Sellers – often family-owned businesses that have no next generation interested in running them – are looking to exit so they can reap the benefits of record profitability.For many, the last three years have been their most profitable in history, Brown adds.

The profitability stems from a semiconductor chip shortage that gathered pace early in the pandemic, crushing auto supply and keeping inventory low. Combined with high demand from consumers flush with stimulus checks, dealers have been able to mark up prices on new cars by 9.9% on average and in some cases by nearly 27%, according to iSeeCars.

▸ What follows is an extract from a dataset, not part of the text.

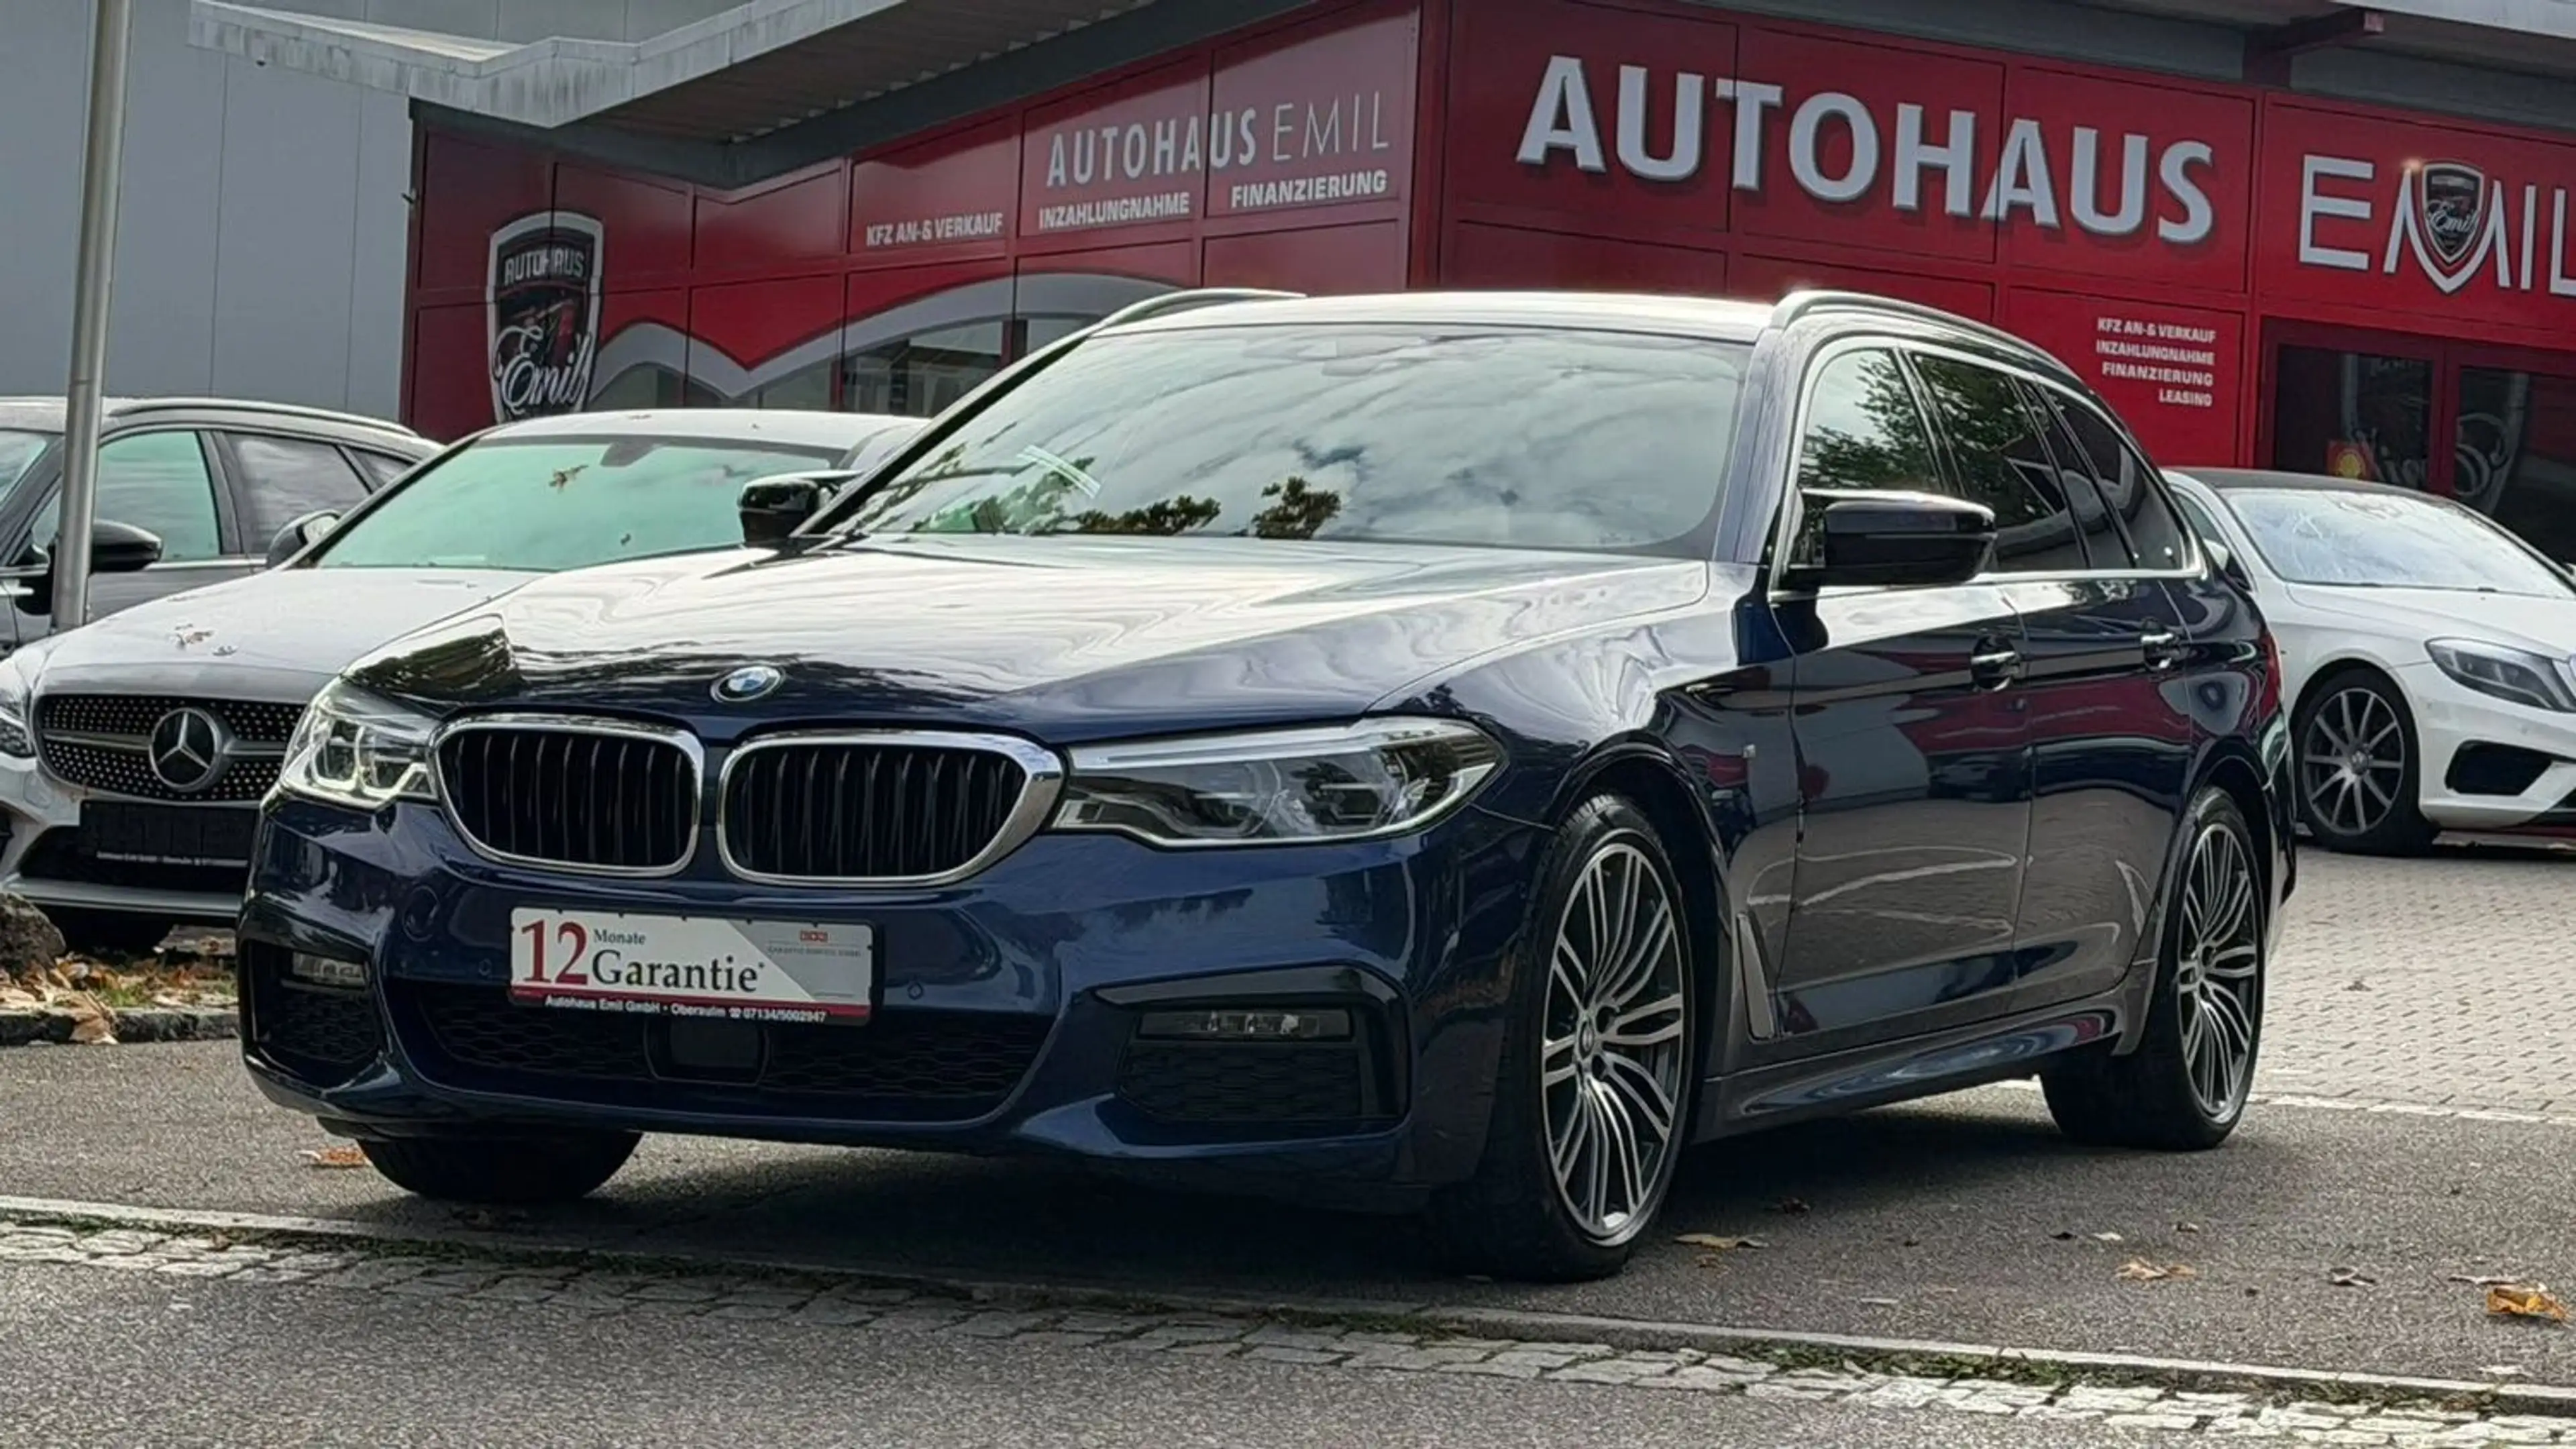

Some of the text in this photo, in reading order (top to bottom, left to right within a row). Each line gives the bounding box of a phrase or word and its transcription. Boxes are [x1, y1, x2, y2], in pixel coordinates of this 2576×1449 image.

Supply constraints are not expected to alleviate for “probably two to three years,” says Rolland. “It's going to take a while to work through this cycle.”

As these problems for the industry persist and inventories remain low, the consolidation trend could last well into the next few years, says Brown and Rolland.

Fast-lane buyers

Some of the large publicly listed auto dealers have been on a “buying frenzy” since the pandemic began, which puts pressure on the smaller groups to follow suit, Brown notes. Lithia Motors [NYSE:LAD] inked 12 deals since January 2020, compared with four in the preceding three years. Penske Automotive Group [NYSE:PAG] has made four deals since the pandemic’s early days, but two deals in 2017 to 2019. Although dealership price tags are often kept secret, Asbury Automotive Group [NYSE: ABG] has disclosed the highest spend of USD 3.9bn since January 2020, dominated by its USD 3.2bn deal for Larry H Miller Dealerships and Landcar Agency in September 2021.

Sonic Automotive [NYSE:SAH], another nationwide retailer, has a rollup strategy targeting individual new-car dealerships and locations for its used-car platform, its CFO told Mergermarket
last December. Since then, Sonic has made two acquisitions.

In the face of all that consolidation by the larger groups, standalone dealerships are going to find it more difficult to remain profitable in the coming years, Brown says.

Throw in the demise of the internal combustion engine and the rise of electrification and autonomous driving, and the dealership landscape is “going to change more in the next decade than it has in the last 100 years,” says Brown.